Challenge in RPGs has been a mixed bag at best for designers.

If they ramp the challenge up in an encounter, and classes/ builds differ noticeably in any way, then it favours min-maxing. A game with lots of these challenges can become largely about figuring out this optimal setup.  There’s room for a genre of games which are about figuring out the best min-maxed party  to beat encounters and then executing it. But the current theorycrafting metagame is largely an accident of fate. ie. if you wanted to design a game that invited all players to figure out through play the optimal setup, you wouldn’t design it like an MMO.

If we also want the diversity and flexibility in games of being able to try unusual classes or builds, or trying abilities because they sound fun rather than because they’re in the optimised setup, then this high-challenge scenario is the wrong one to be playing. Originally there was an assumption with MMOs that devs would provide a large game world with lots of ‘stuff’ in it and players would find their own level of challenge. Although you can still do this in most games, endgame tends to be situated around fixed design challenges.

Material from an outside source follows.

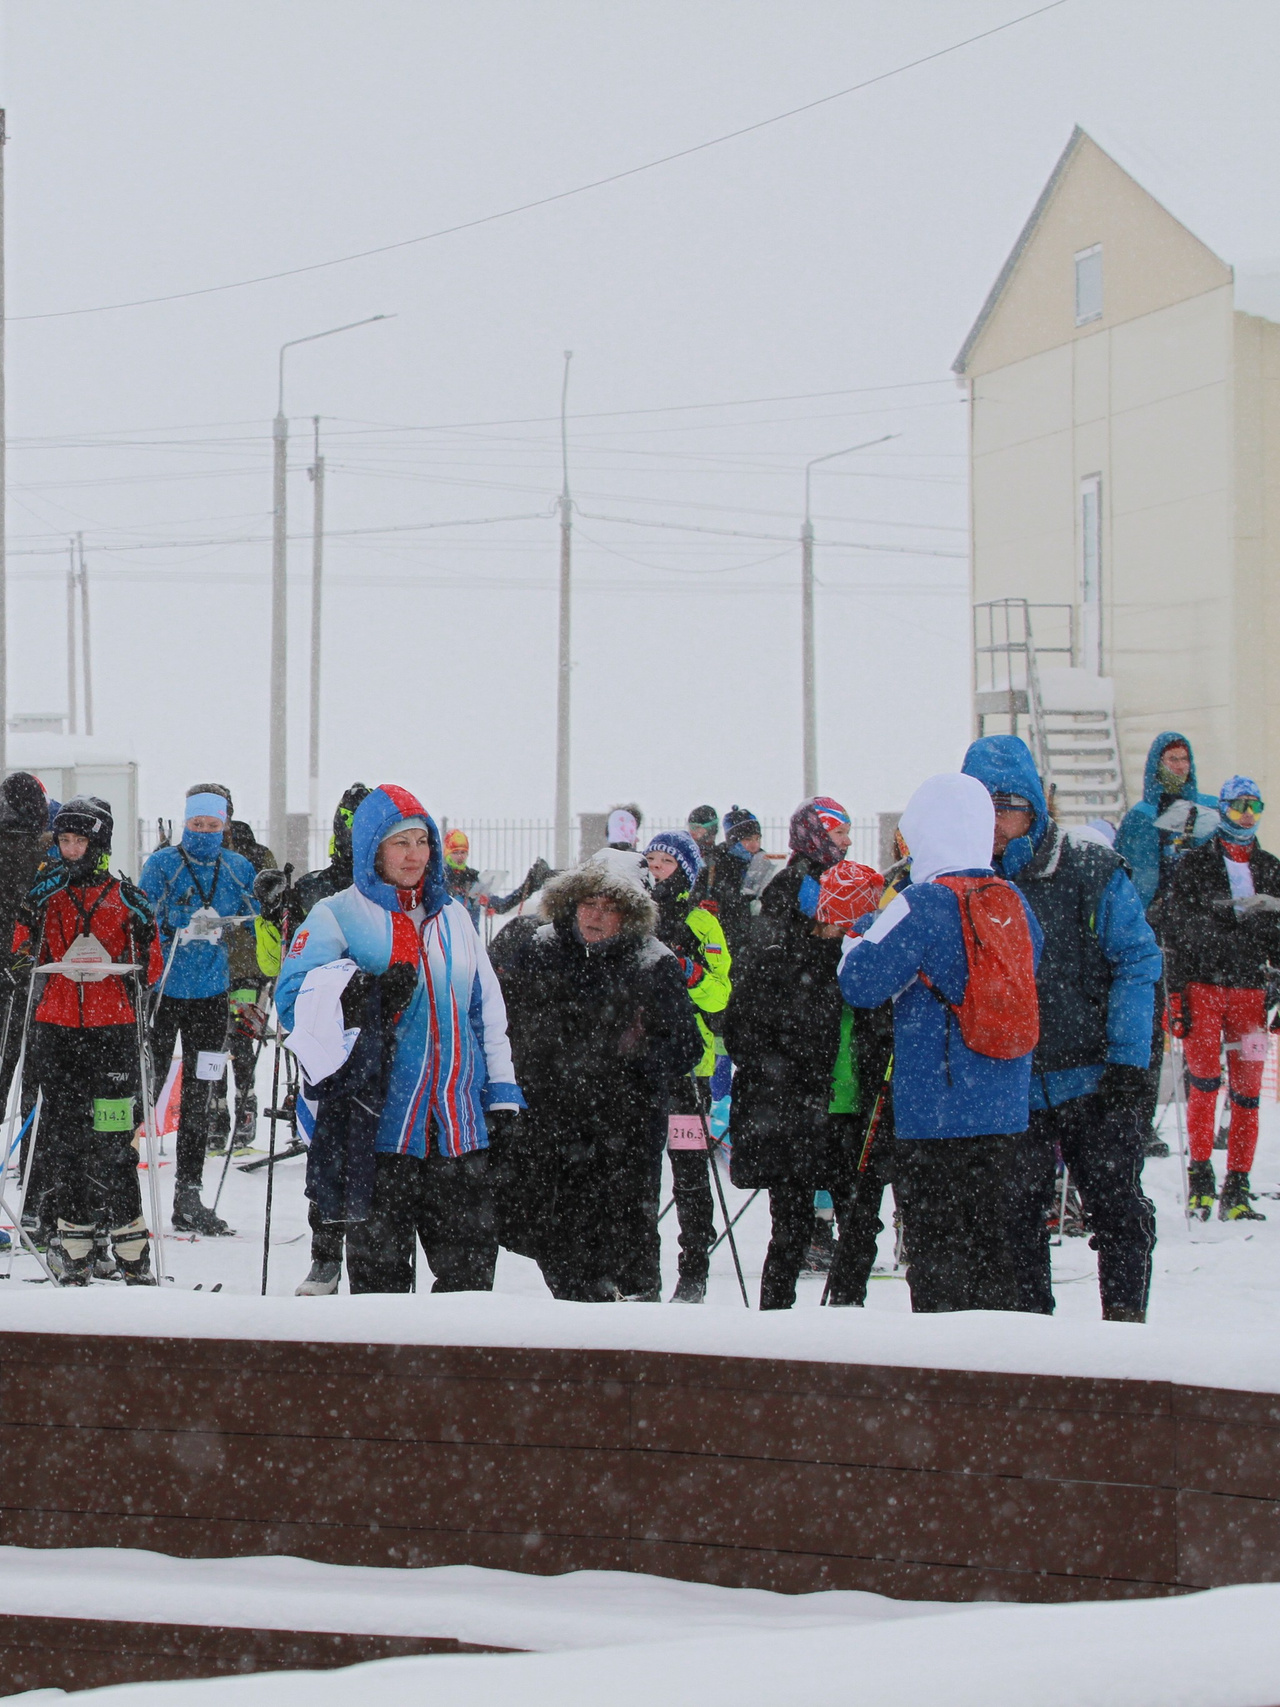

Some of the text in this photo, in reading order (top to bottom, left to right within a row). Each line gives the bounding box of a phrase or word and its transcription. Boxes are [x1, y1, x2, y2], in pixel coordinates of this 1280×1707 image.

[106, 1072, 130, 1081] RAY
[96, 1110, 125, 1121] 214.2
[673, 1127, 704, 1139] 216.3

Part of the popularity of Skyrim is as an antidote to this style of game design; it’s an entire game world which invites players (in a single player environment, naturally) to go explore and try stuff out. Yes, you can outlevel the content and make the game far too easy for yourself by minmaxing. Yes, you can also head into killer dungeons way above your level. But by and large no one is going to tell you that you’re playing it wrong if you do any of those things. It is flexible.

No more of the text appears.